Any assistance from anyone would be most appreciated. 

Thanks


----------



## Mania (Sep 7, 2016)

You've a lot of questions there - the best advice when dealing with rejection by Immi is to contact a registered migration agent for advice and to lodge a fresh application if applicable. They will be able to guide you through the process and prevent you from making a fatal mistake on the forms that would lead to refusal.

A fatal mistake for instance would be telling immigration you are applying for a tourist visa for the sole purpose of applying for a different visa whilst onshore.


----------



## al_ghazal (Nov 19, 2016)

Terri549 said:


> Hello, my boyfriend is of Dutch nationality, and he applied for an e-visitor almost 3 weeks ago. I am of NZ nationality so I have an automatic SCV into the country, unfortunately my boyfriends visa was rejected due to them feeling that he didn't have enough funds in his account and they did not believe he was coming as a tourist and would work illegally. So now my boyfriend has been in Amsterdam waiting to come over and I am now in Australia. The thing is we have 6000 eur but it was in my account (we have separate accounts) and when the immi asked for further information and his account details, we didn't upload any of my account details but we did mention our travel plans and that he would be with me and my family etc...
> 
> We have now been told to apply for an ETA instead, and if they ask for more details to transfer the money from my account into his account so it shows he has sufficient funds. I am wondering if this is the best way to go? We are quite nervous now since the rejection and do not want him to be banned from visiting Australia altogether. I am wondering can you reapply for a tourist visa if it has been rejected? I feel that due to the fact we do have sufficient funds the rejection is incorrect and has only happened due to a misunderstanding on our end.
> 
> ...


You're not going to get banned for applying again but if you don't address the reasons for rejection you'll probably get another refusal. Can't really comment on applying for an ETA or whether you should mention being in a relationship as I am not an expert but common sense suggests it would be good to at least say you'll be spending a lot of time/travelling around together so if you do apply for a partner visa later it doesn't look like you hid the relationship.


----------



## Mania (Sep 7, 2016)

^ Further to that if a question is asked of you on an immigration form or by a case officer about being a relationship it goes without saying that you answer it honestly.
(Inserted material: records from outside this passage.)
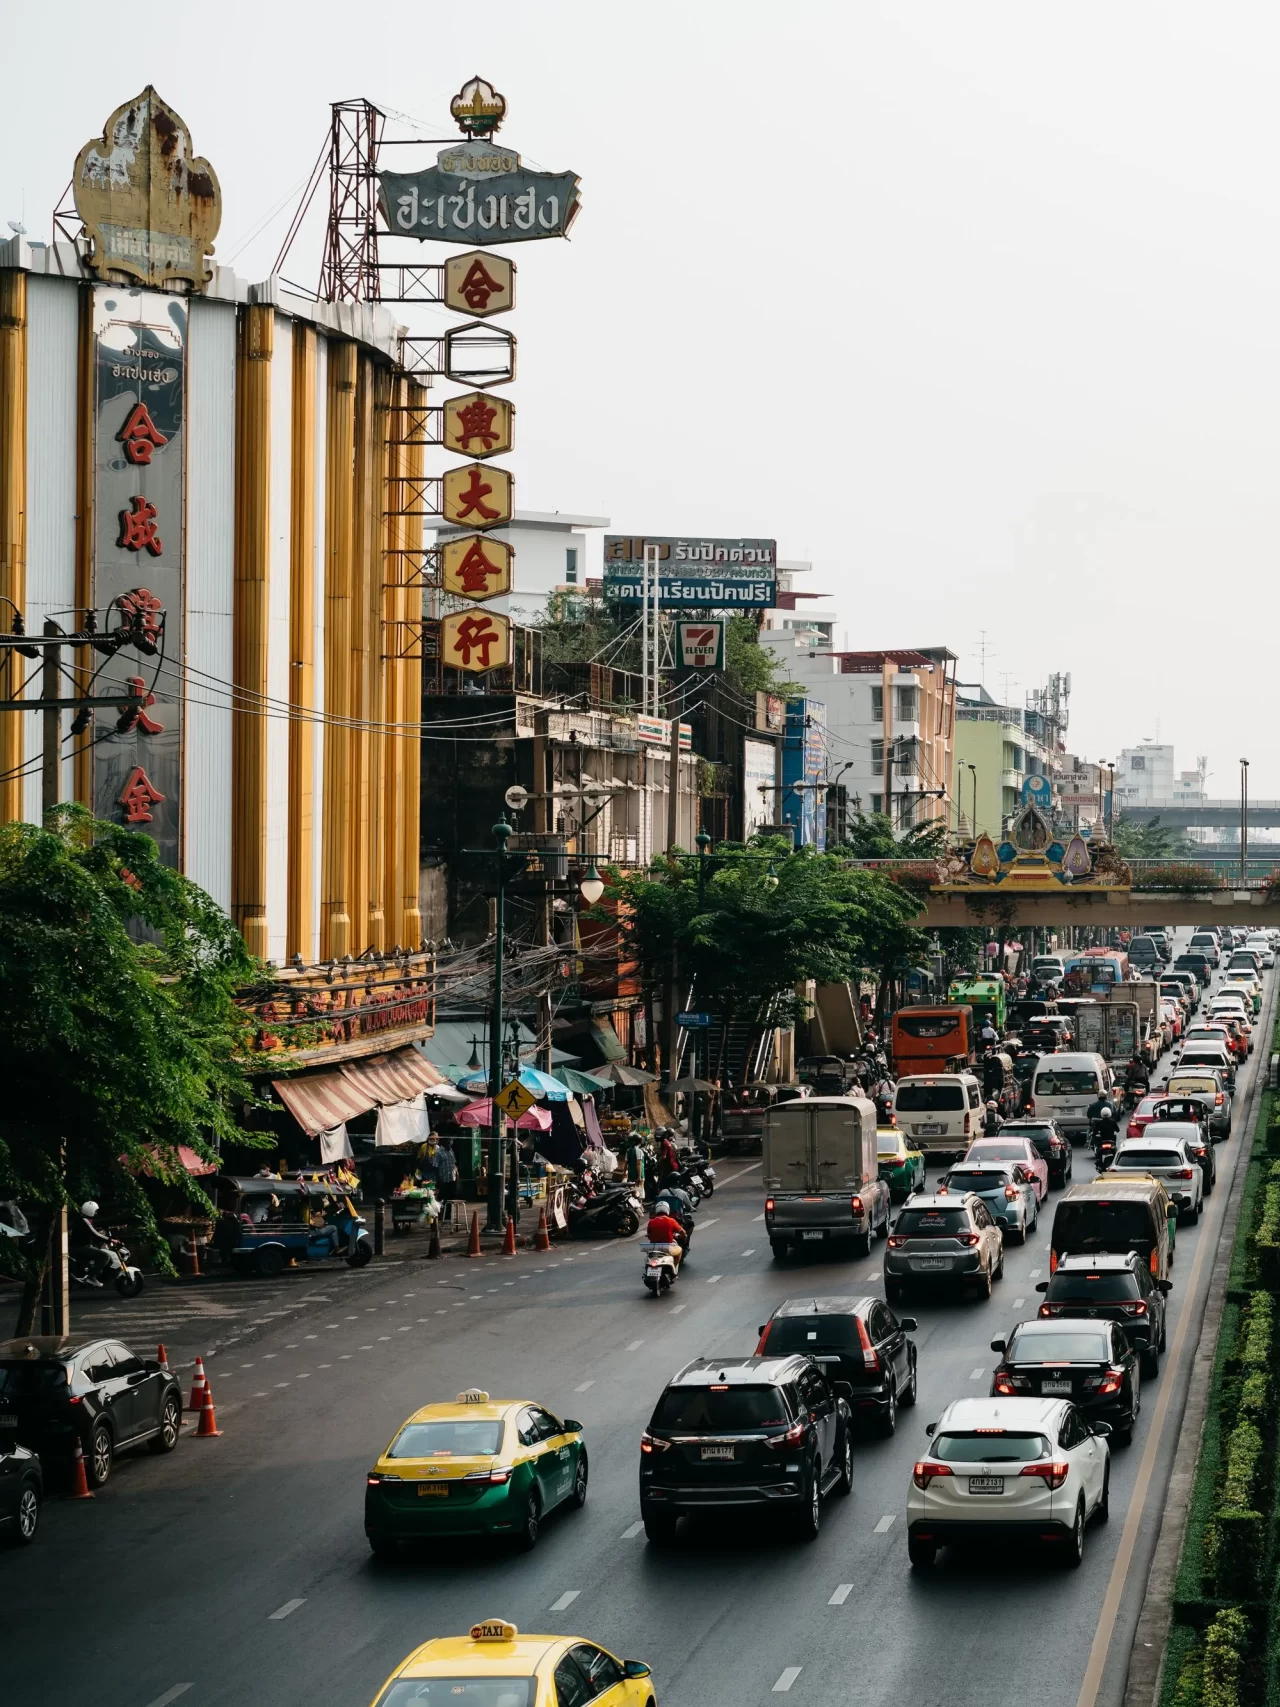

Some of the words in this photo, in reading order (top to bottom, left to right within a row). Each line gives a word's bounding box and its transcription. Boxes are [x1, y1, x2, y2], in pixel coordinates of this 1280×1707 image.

[443, 152, 514, 173] ห้างทอง
[396, 180, 559, 230] ฮะเซ่งเฮง
[685, 646, 714, 654] ELEVEN
[465, 1393, 480, 1402] TAXI
[482, 1626, 504, 1637] TAXI
You aren't withouldong information from them if:

At the time of the visa application his intentions are to visit Australia for the purpose of tourism. If subsequently after he arrives you make a decision to apply for another visa after seeing the county then that would be something for you to discuss when you actually get to that bridge. As you don't know wether you want to live here yet "if we liked it in Australia" then you can't possibly know that you are going to apply for a visa onshore yet .
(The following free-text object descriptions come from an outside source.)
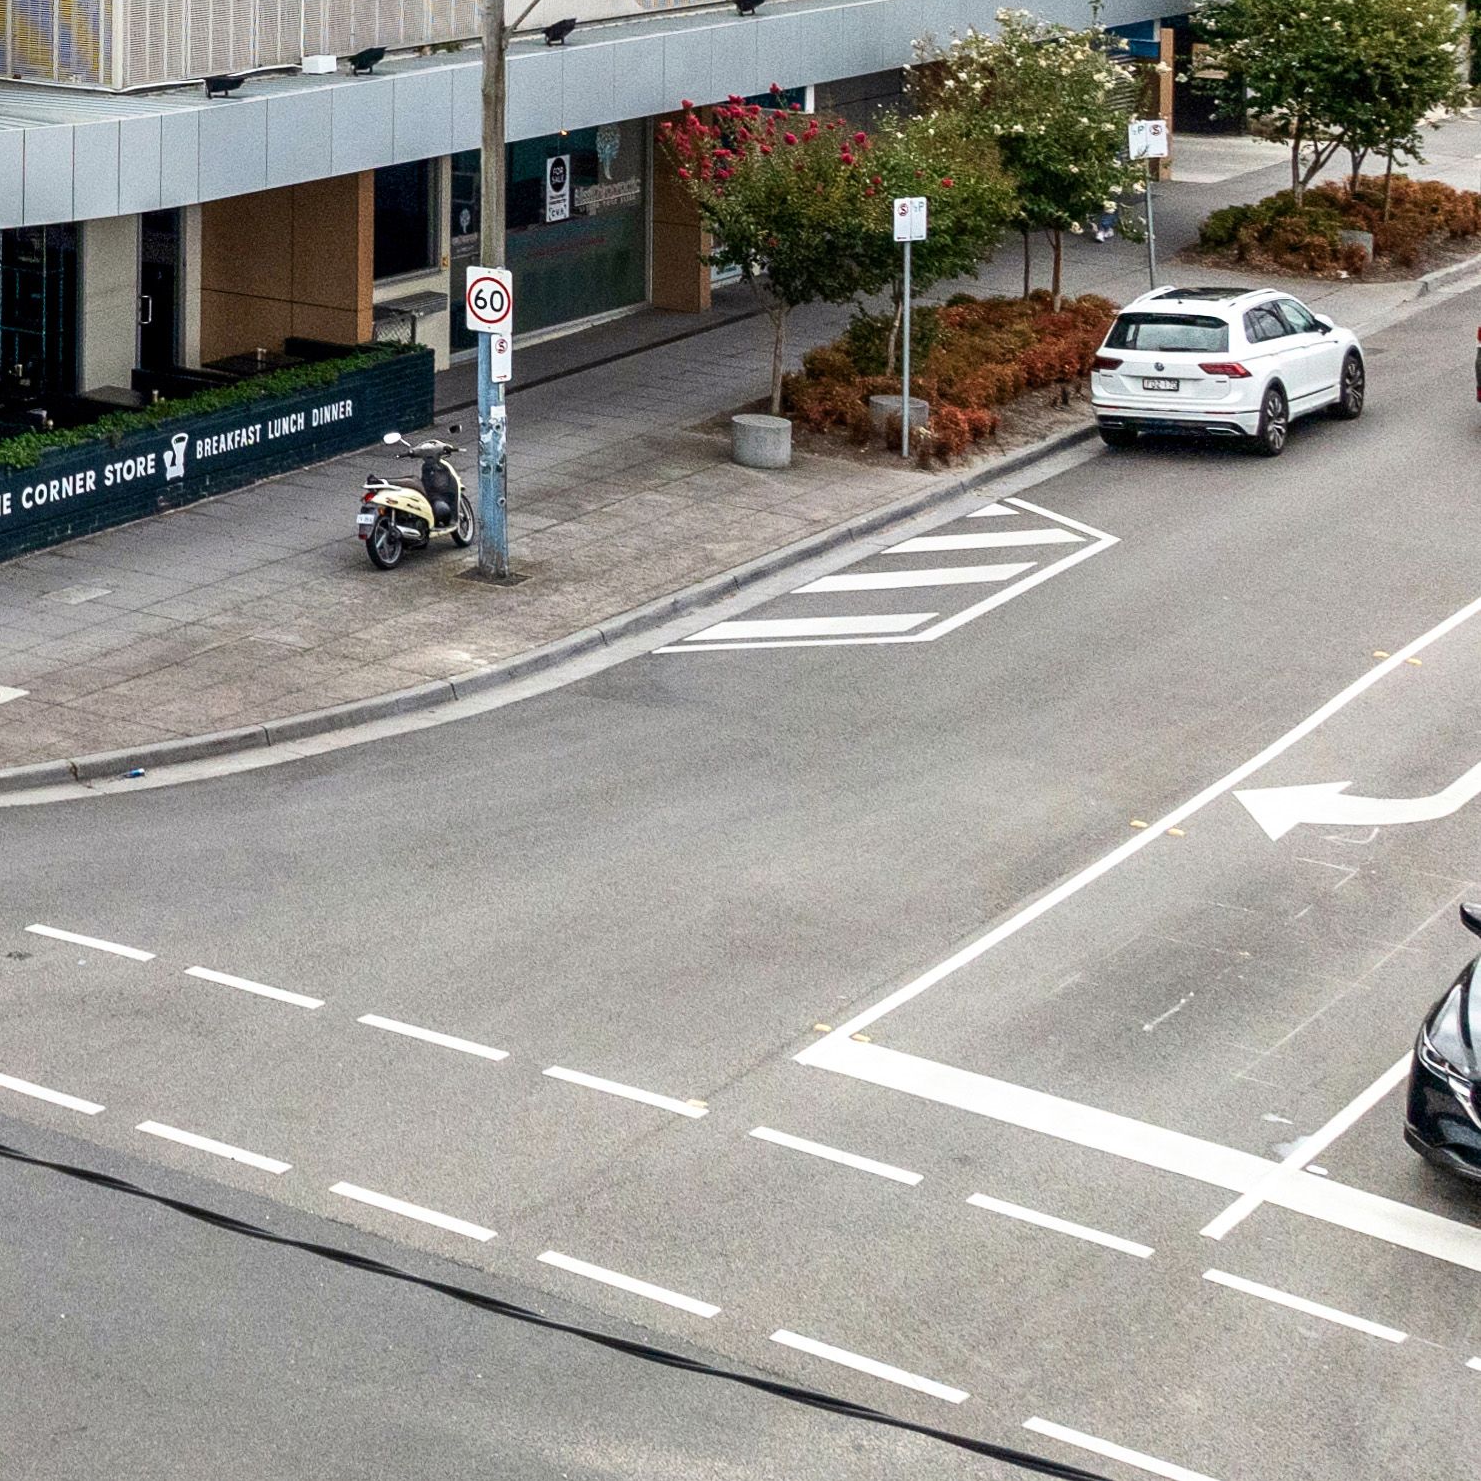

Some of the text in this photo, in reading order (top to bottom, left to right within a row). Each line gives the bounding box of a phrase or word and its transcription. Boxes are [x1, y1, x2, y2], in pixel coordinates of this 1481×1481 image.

[551, 175, 565, 185] SALE
[552, 166, 564, 175] FOR
[474, 288, 505, 313] 60
[196, 399, 353, 459] BREAKFAST LUNCH DINNER
[21, 470, 96, 509] CORNER
[104, 453, 156, 486] STORE
But like I previously said, a chat with a migration agent would be very benificial for you, using a migration agent will make the process much simpler and you will know exactly where you stand.


----------



## ampk (Sep 21, 2013)

It is not a problem to apply for an ETA, but address the reason/s the Visitor Visa was refused.
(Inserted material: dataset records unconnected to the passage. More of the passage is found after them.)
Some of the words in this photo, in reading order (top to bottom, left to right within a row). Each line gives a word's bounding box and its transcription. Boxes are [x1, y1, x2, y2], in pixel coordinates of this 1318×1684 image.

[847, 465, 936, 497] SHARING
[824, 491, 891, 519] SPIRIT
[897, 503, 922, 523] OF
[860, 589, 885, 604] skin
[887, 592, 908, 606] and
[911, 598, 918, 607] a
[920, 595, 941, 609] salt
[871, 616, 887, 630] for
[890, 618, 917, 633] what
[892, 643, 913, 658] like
Know for what reasons a ETA can be issued and that is what you must be in Australia for. 

He may need the funds in his account and from memory it is $1,000 per month if accommodation and other expenses are provided by someone else. Or access like a credit card.


----------



## Terri549 (Feb 5, 2017)

Thanks for the replies everyone, we are currently speaking with a migration agent right now. Hopefully it all works out.


----------



## Zekar (Apr 21, 2017)

Terri549 said:


> Thanks for the replies everyone, we are currently speaking with a migration agent right now. Hopefully it all works out.


Hi;
Did you solve your issue? I also applied for business visa but they declined saying that they are not sure if I will return back. I did apply from internet. Should I reapply by using new account or should I apply with paper document? Pls put some light into it.
Thank you.


----------